I have this horrible feeling that if he stays (and dh doesn't always read this sort of thing well) that the other 5 will go off together and she'll stick with dh. If they all say "lets go and find XYZ together" and dh is there she won't go with them. She'd prefer that on the first day, I'm sure, but it might well not be helpful in the long run.

ifonly4 · 28/09/2019 01:19

Asparagus is on offer in Tescos this week, so sounds like some of out DC are trying to save their penniesSmile

Safe journeys everyone. Hope drops go well

EleanorReally · 28/09/2019 05:37

dd proud since she has worked out, or has a friend who helped her, how much money she has per week. considering thus far she has been out every night, it is quite important, although i had to do the boring reminder about books required that she should buy!

bigTillyMint · 28/09/2019 06:42

@Witchend, can/have you said all that to your DH? That he could break the ice with any others if your DD is a bit nervous and then let them chat and leave her to it?

I keep remembering last min things - DS and DH are still asleep!

Witchend · 28/09/2019 07:28

Yes, did say to him. He just says he won't stay too long. Could mean anything with him, but him and DD can be a little stuck to what they've said. So if he's said leaving by 2, that's the time he's leaving whatever!
Hopefully he'll be sensible.

DH and DD are the only ones still asleep. Even dd2's up... We've just started removing all electronics from her room overnight and she has, at the same time, gone from being a grumpy leave me alone in the morning to up with the birds. Hmm.
She says this is just a fluke and never touched them overnight.

Ingles2 · 28/09/2019 07:29

Good luck to everyone travelling this weekend.. hope it’s a safe and easy journey 🤞
As for Durhamites, have you checked the college arrangements sheet? Hild bede has drinks and snacks till 3pm, so they’re obviously expecting everyone to leave then. At lboro all the parents left when the reps came to collect them for induction talk at 4.. so your dh might want to hang on for a while @Witchend the time seems to be for unloading, but you can hang around.

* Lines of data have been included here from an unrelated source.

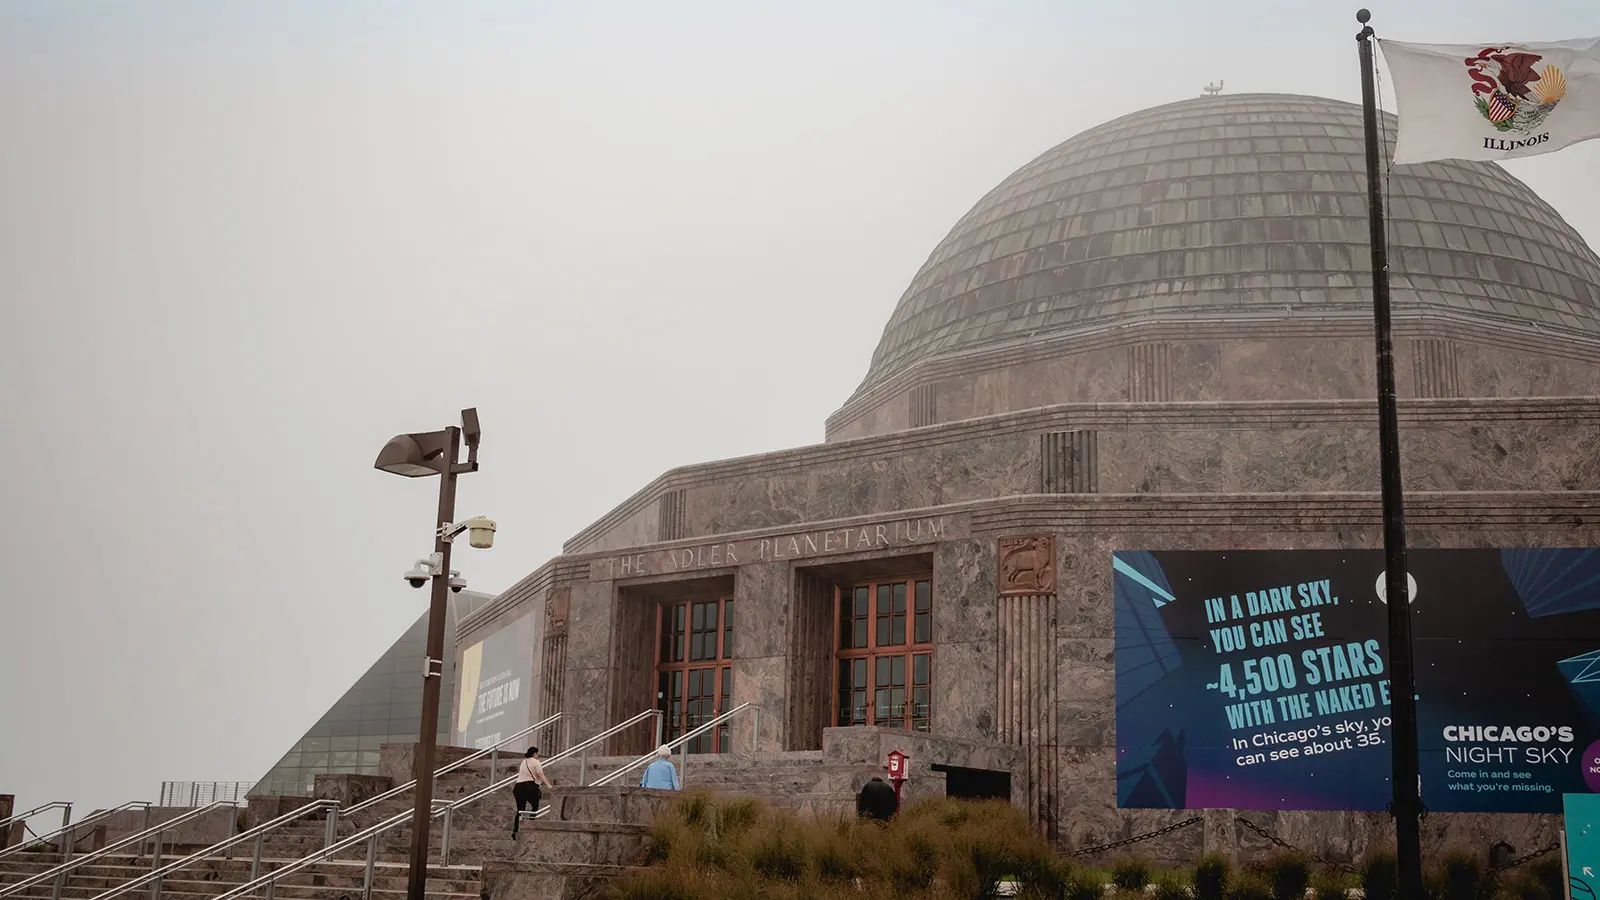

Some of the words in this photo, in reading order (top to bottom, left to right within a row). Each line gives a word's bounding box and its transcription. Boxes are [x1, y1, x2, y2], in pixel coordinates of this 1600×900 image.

[1483, 132, 1550, 151] ILLINOIS
[604, 553, 645, 576] THE
[669, 543, 738, 569] ADLER
[760, 517, 946, 560] PLANETARIUM
[1204, 597, 1227, 624] IN
[1231, 595, 1244, 620] A
[1246, 586, 1296, 617] DARK
[1297, 579, 1339, 608] SKY,
[1210, 625, 1247, 653] YOU
[1249, 618, 1288, 648] CAN
[1291, 612, 1325, 641] SEE
[1206, 653, 1297, 700] ~4,500
[1301, 639, 1385, 685] STARS
[1225, 699, 1276, 730] WITH
[1276, 693, 1313, 722] THE
[1315, 683, 1376, 716] NAKED
[1233, 738, 1249, 751] In
[1335, 718, 1369, 735] sky,
[1371, 715, 1393, 731] yo
[1235, 753, 1266, 767] can
[1269, 747, 1300, 761] see
[1303, 736, 1354, 757] about
[1356, 732, 1387, 747] 35.
[1446, 747, 1519, 764] NIGHT
[1525, 747, 1574, 764] SKY
[1447, 770, 1477, 779] Come
[1479, 769, 1489, 779] in
[1490, 769, 1511, 779] and
[1512, 771, 1532, 779] see
[1448, 783, 1474, 792] what
[1511, 783, 1555, 794] missing.
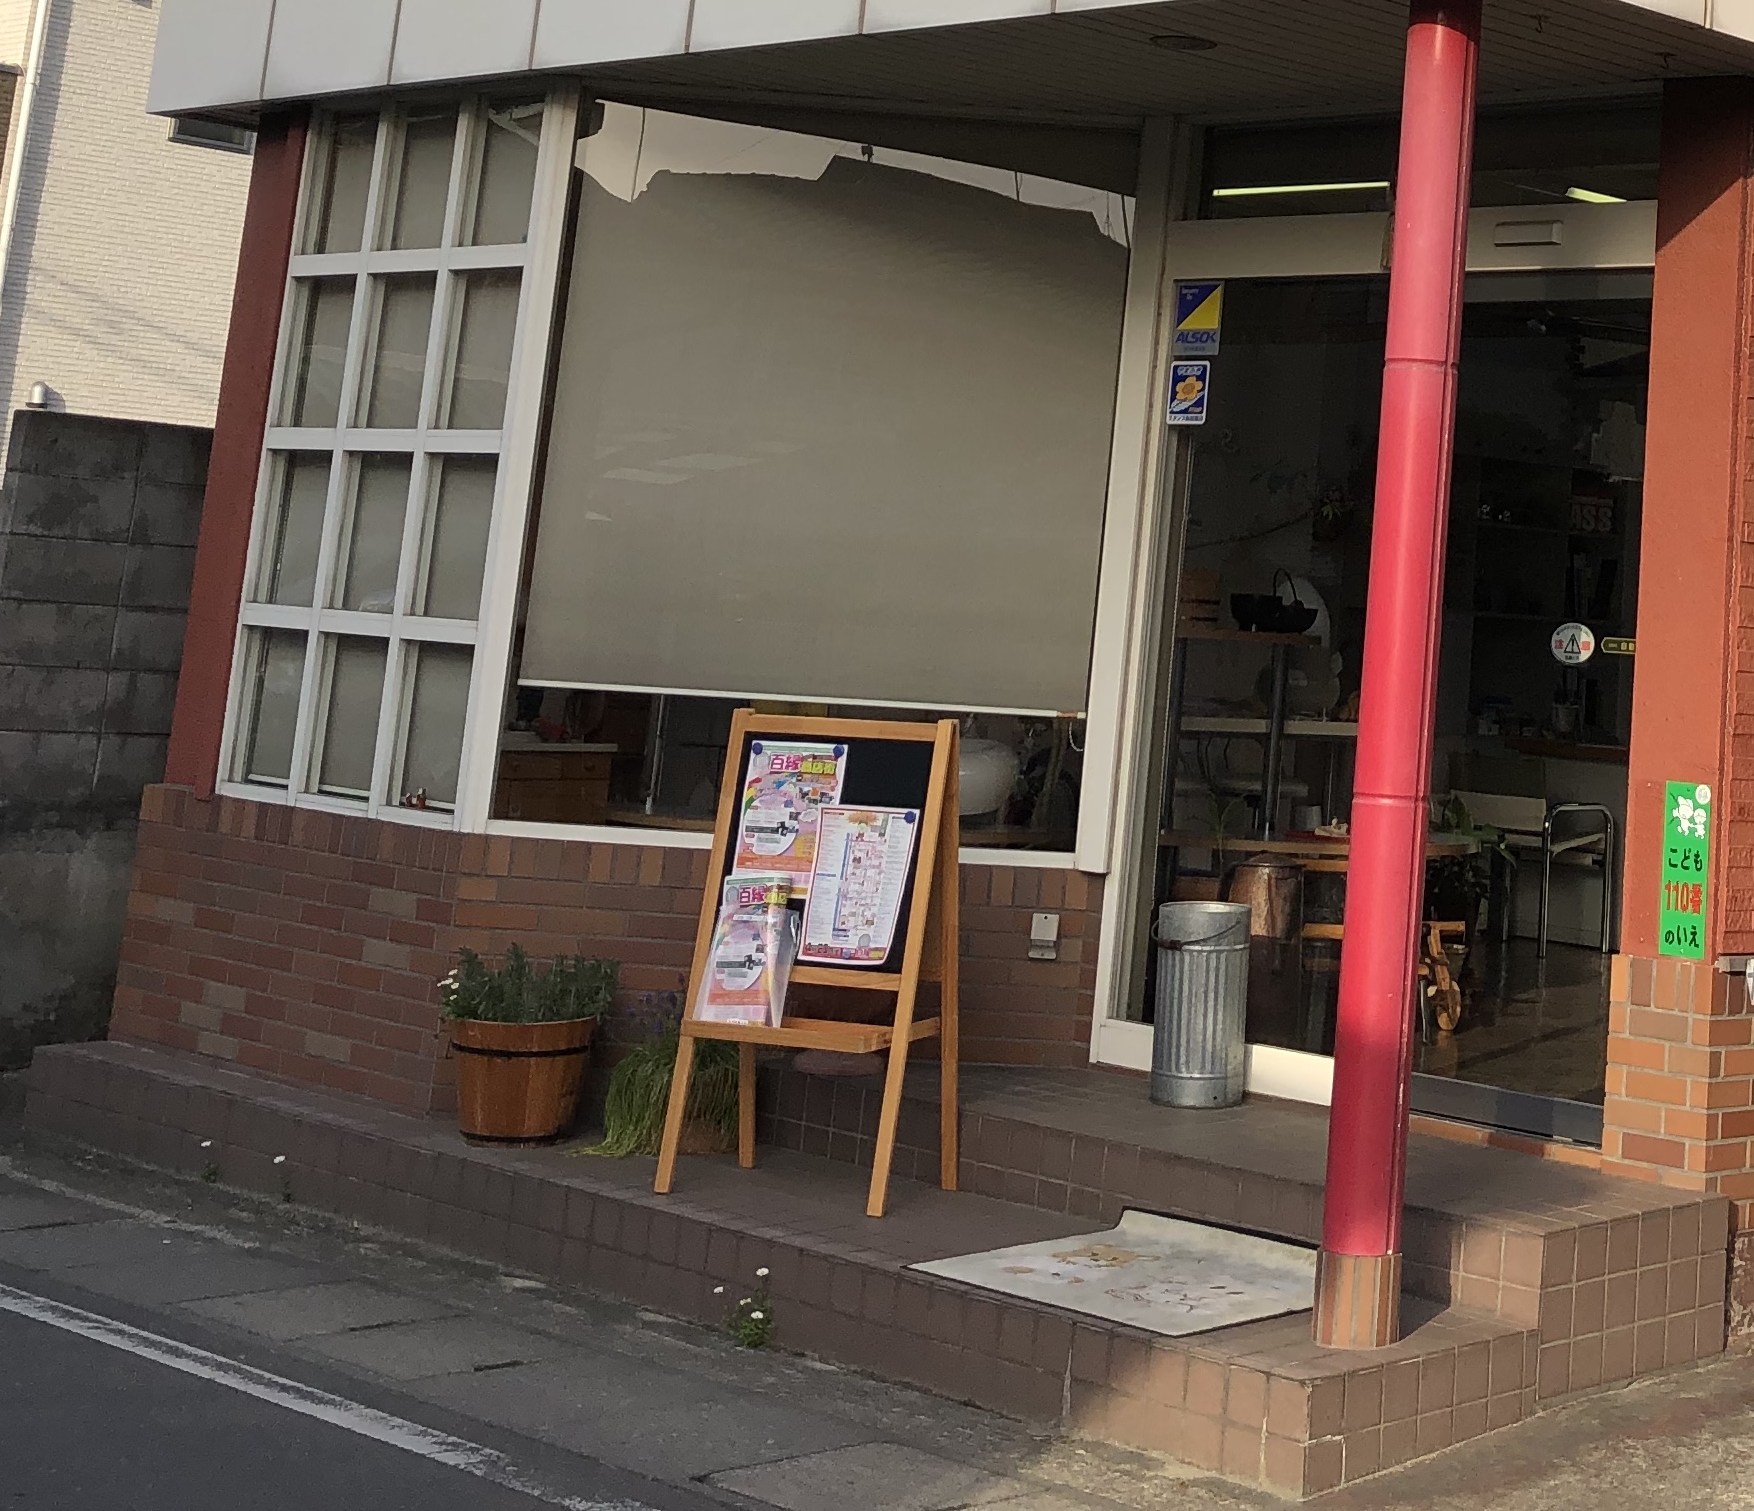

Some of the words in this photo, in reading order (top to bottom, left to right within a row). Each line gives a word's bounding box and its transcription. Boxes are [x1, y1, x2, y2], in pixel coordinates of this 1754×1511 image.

[1175, 331, 1217, 344] ALSOK
[1668, 847, 1703, 872] こども
[1664, 879, 1704, 916] 110番
[1664, 924, 1700, 949] のいえ

Clankboing · 28/09/2019 07:38

Ds is going on Sunday - to Lancaster. There's a meeting for parents. Dh predicts that it is a sod off and go home now meeting. Which we will anyway as we have to get ready for work and school the next day. I'm sure they will say a few more things than just that!

tommyshaircut · 28/09/2019 07:41

@Clankboing we are going to Lancaster today. It's absolutely chucking it down ! Ds is in County

tommyshaircut · 28/09/2019 07:41

I'll let you know what the new says

tommyshaircut · 28/09/2019 07:42

That should say meeting not new !

juicy0 · 28/09/2019 08:00

Just dropping in on the new thread. Good luck to everyone dropping off this weekend.
DD is at the end of week 1 of Freshers (with another week to go 🙄) and is having a great time. She’s been out every night, which surprised us all as she’s usually keen for a good nights sleep, and is really enjoying her flatmates. I’m hoping the nights out/very early mornings calm down a bit next week or she will burn out !

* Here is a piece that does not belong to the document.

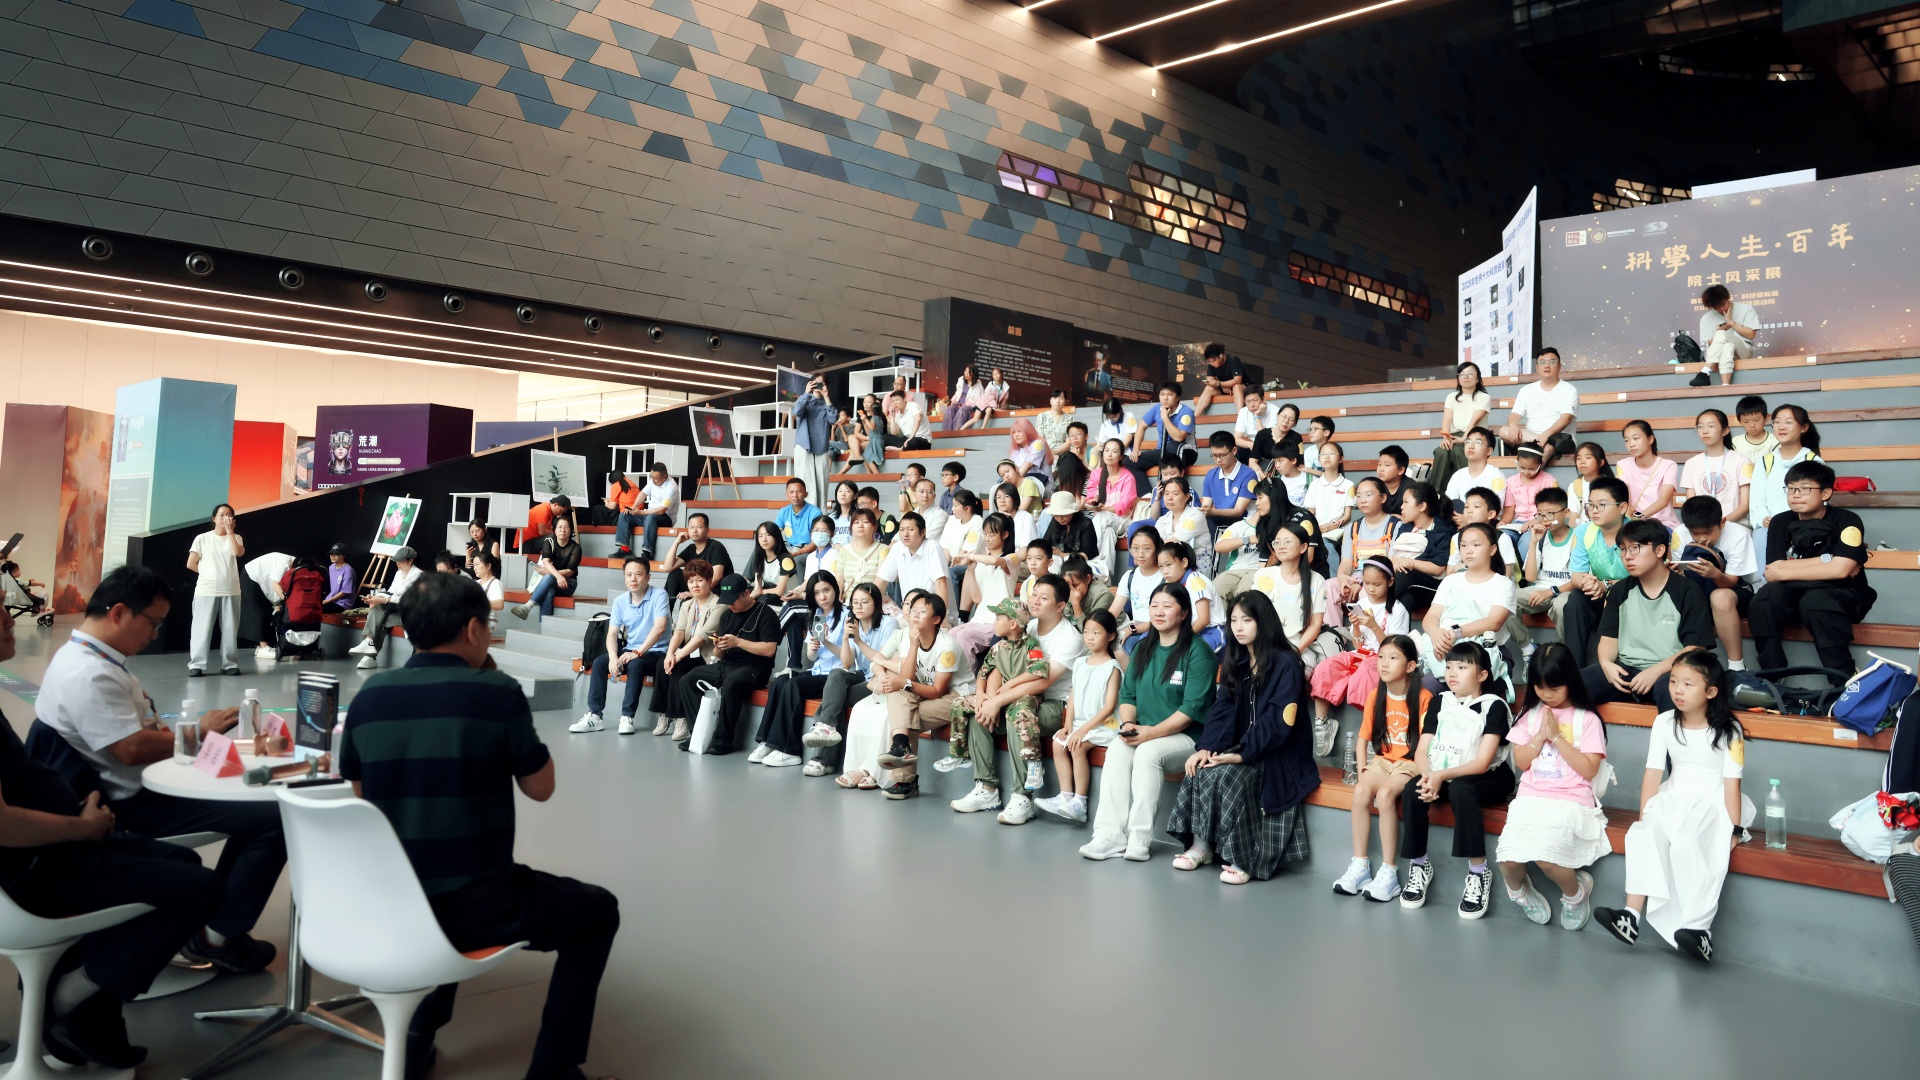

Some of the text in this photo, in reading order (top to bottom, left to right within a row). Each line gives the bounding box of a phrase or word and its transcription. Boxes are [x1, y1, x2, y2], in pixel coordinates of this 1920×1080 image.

[1687, 266, 1782, 288] 院士风采展
[1007, 325, 1022, 337] 前言
[1176, 354, 1185, 383] 化学部
[358, 435, 378, 447] 荒潮

Ginfordinner · 28/09/2019 08:02

I'm surprised that some universities are doing meetings/talks for parents. It isn't school.

As DD was the last in her flat to arrive she didn't want us hanging around. She just needed help carrying stuff to the kitchen, getting her shopping delivery and someone to vent her frustration on when she couldn't log on the the Wi-Fi.

AvenueQ · 28/09/2019 08:19

One week in and I'm worried because dd feels like she's failing already. She hasn't really bonded with her flatmates - they get on well enough but that's all.
She's met people on her course but says they're all very quiet and so she's worried that options for friendships are limited there as well.
At an introductory talk they said make all your friends in the first week so dd feels she's already failed at university.
I know rationally things can and probably will get better but it's really hard, especially when all her school friends she sees on social media are having the best time.